Free-text object descriptions
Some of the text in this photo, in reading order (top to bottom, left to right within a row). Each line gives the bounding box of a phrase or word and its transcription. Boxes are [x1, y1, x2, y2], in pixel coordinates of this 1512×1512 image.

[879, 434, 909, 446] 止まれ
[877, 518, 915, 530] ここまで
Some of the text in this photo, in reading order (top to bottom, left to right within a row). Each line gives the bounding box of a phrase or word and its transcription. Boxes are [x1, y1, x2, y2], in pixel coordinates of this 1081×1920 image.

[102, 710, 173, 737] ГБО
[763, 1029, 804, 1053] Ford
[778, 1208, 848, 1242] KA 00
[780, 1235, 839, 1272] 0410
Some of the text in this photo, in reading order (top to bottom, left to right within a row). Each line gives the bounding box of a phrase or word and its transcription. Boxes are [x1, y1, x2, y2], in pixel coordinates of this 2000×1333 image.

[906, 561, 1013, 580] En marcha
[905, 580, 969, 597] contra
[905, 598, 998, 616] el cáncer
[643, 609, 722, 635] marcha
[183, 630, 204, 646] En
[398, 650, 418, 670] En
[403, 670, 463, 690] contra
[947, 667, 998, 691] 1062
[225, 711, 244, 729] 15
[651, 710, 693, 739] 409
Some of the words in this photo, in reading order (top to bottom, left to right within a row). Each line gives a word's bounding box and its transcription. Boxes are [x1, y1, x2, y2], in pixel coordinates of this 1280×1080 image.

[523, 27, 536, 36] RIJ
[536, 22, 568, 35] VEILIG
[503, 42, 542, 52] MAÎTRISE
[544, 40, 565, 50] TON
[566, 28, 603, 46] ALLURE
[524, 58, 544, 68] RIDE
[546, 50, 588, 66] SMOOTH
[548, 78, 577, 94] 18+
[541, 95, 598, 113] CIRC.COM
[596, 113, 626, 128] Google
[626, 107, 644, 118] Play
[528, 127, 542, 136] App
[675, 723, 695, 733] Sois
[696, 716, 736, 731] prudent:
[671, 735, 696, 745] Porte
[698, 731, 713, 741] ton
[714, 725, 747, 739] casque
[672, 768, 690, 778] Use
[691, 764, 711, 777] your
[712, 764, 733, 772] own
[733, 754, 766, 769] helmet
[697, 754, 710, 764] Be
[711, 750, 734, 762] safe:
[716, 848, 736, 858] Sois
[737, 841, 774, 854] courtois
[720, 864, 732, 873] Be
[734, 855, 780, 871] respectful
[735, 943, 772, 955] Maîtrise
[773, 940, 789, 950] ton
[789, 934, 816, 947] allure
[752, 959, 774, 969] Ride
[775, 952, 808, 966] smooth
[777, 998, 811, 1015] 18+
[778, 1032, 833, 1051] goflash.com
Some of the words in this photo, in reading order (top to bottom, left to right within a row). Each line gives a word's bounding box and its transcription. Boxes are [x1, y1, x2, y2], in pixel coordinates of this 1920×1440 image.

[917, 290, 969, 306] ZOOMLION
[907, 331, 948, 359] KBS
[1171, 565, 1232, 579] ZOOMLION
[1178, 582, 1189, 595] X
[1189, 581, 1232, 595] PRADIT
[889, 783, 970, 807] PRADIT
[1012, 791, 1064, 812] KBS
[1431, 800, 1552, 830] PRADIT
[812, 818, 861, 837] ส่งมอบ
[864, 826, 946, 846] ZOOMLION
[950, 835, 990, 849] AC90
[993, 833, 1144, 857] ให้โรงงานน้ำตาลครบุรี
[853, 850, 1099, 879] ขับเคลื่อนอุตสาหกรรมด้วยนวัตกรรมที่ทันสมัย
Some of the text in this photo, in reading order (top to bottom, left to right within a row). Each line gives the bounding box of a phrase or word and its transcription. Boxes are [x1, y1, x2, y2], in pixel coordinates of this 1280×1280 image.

Instructions to follow » Line by line, copy the records exactly.

Response to this exercise »
Some of the text in this photo, in reading order (top to bottom, left to right within a row). Each line gives the bounding box of a phrase or word and its transcription. Boxes are [x1, y1, x2, y2], in pixel coordinates of this 1512×1512 image.

[879, 434, 909, 446] 止まれ
[877, 518, 915, 530] ここまで
Some of the text in this photo, in reading order (top to bottom, left to right within a row). Each line gives the bounding box of a phrase or word and its transcription. Boxes are [x1, y1, x2, y2], in pixel coordinates of this 1081×1920 image.

[102, 710, 173, 737] ГБО
[763, 1029, 804, 1053] Ford
[778, 1208, 848, 1242] KA 00
[780, 1235, 839, 1272] 0410
Some of the text in this photo, in reading order (top to bottom, left to right within a row). Each line gives the bounding box of a phrase or word and its transcription. Boxes are [x1, y1, x2, y2], in pixel coordinates of this 2000×1333 image.

[906, 561, 1013, 580] En marcha
[905, 580, 969, 597] contra
[905, 598, 998, 616] el cáncer
[643, 609, 722, 635] marcha
[183, 630, 204, 646] En
[398, 650, 418, 670] En
[403, 670, 463, 690] contra
[947, 667, 998, 691] 1062
[225, 711, 244, 729] 15
[651, 710, 693, 739] 409
Some of the words in this photo, in reading order (top to bottom, left to right within a row). Each line gives a word's bounding box and its transcription. Boxes are [x1, y1, x2, y2], in pixel coordinates of this 1280×1080 image.

[523, 27, 536, 36] RIJ
[536, 22, 568, 35] VEILIG
[503, 42, 542, 52] MAÎTRISE
[544, 40, 565, 50] TON
[566, 28, 603, 46] ALLURE
[524, 58, 544, 68] RIDE
[546, 50, 588, 66] SMOOTH
[548, 78, 577, 94] 18+
[541, 95, 598, 113] CIRC.COM
[596, 113, 626, 128] Google
[626, 107, 644, 118] Play
[528, 127, 542, 136] App
[675, 723, 695, 733] Sois
[696, 716, 736, 731] prudent:
[671, 735, 696, 745] Porte
[698, 731, 713, 741] ton
[714, 725, 747, 739] casque
[672, 768, 690, 778] Use
[691, 764, 711, 777] your
[712, 764, 733, 772] own
[733, 754, 766, 769] helmet
[697, 754, 710, 764] Be
[711, 750, 734, 762] safe:
[716, 848, 736, 858] Sois
[737, 841, 774, 854] courtois
[720, 864, 732, 873] Be
[734, 855, 780, 871] respectful
[735, 943, 772, 955] Maîtrise
[773, 940, 789, 950] ton
[789, 934, 816, 947] allure
[752, 959, 774, 969] Ride
[775, 952, 808, 966] smooth
[777, 998, 811, 1015] 18+
[778, 1032, 833, 1051] goflash.com
Some of the words in this photo, in reading order (top to bottom, left to right within a row). Each line gives a word's bounding box and its transcription. Boxes are [x1, y1, x2, y2], in pixel coordinates of this 1920×1440 image.

[917, 290, 969, 306] ZOOMLION
[907, 331, 948, 359] KBS
[1171, 565, 1232, 579] ZOOMLION
[1178, 582, 1189, 595] X
[1189, 581, 1232, 595] PRADIT
[889, 783, 970, 807] PRADIT
[1012, 791, 1064, 812] KBS
[1431, 800, 1552, 830] PRADIT
[812, 818, 861, 837] ส่งมอบ
[864, 826, 946, 846] ZOOMLION
[950, 835, 990, 849] AC90
[993, 833, 1144, 857] ให้โรงงานน้ำตาลครบุรี
[853, 850, 1099, 879] ขับเคลื่อนอุตสาหกรรมด้วยนวัตกรรมที่ทันสมัย
Some of the text in this photo, in reading order (top to bottom, left to right within a row). Each line gives the bounding box of a phrase or word and its transcription. Boxes are [x1, y1, x2, y2], in pixel coordinates of this 1280×1280 image.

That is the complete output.